- **What the task asks**
Strip out the pictures and output each remaining line of the data word for word.

Saved data entries:
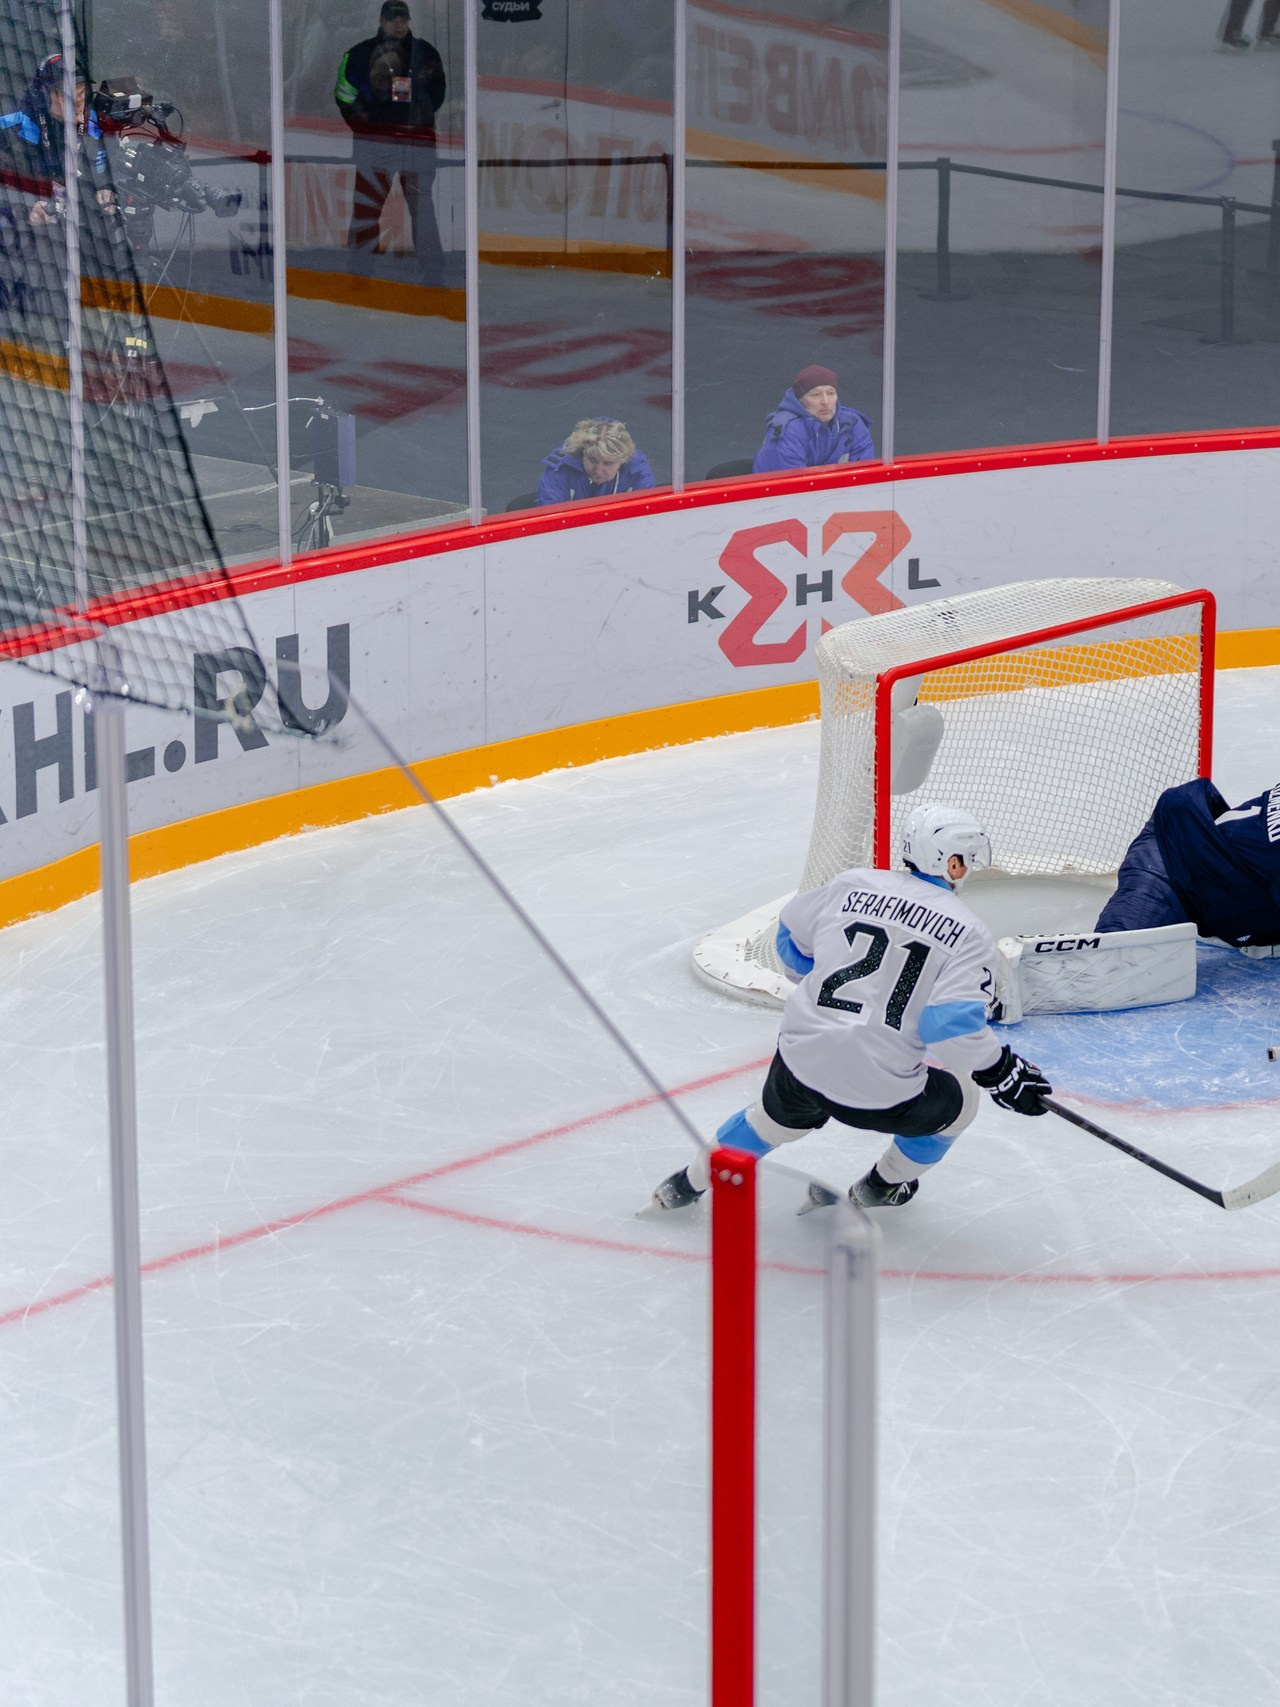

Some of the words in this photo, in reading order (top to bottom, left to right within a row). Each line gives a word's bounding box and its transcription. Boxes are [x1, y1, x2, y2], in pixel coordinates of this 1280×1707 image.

[492, 1, 530, 13] СУДЬИ
[0, 623, 350, 825] HL.RU
[903, 838, 911, 855] 21
[842, 891, 966, 948] SERAFIMOVICH
[1034, 937, 1101, 953] CCM
[817, 921, 931, 1031] 21

- **Problem solution**
Some of the words in this photo, in reading order (top to bottom, left to right within a row). Each line gives a word's bounding box and its transcription. Boxes are [x1, y1, x2, y2], in pixel coordinates of this 1280×1707 image.

[492, 1, 530, 13] СУДЬИ
[0, 623, 350, 825] HL.RU
[903, 838, 911, 855] 21
[842, 891, 966, 948] SERAFIMOVICH
[1034, 937, 1101, 953] CCM
[817, 921, 931, 1031] 21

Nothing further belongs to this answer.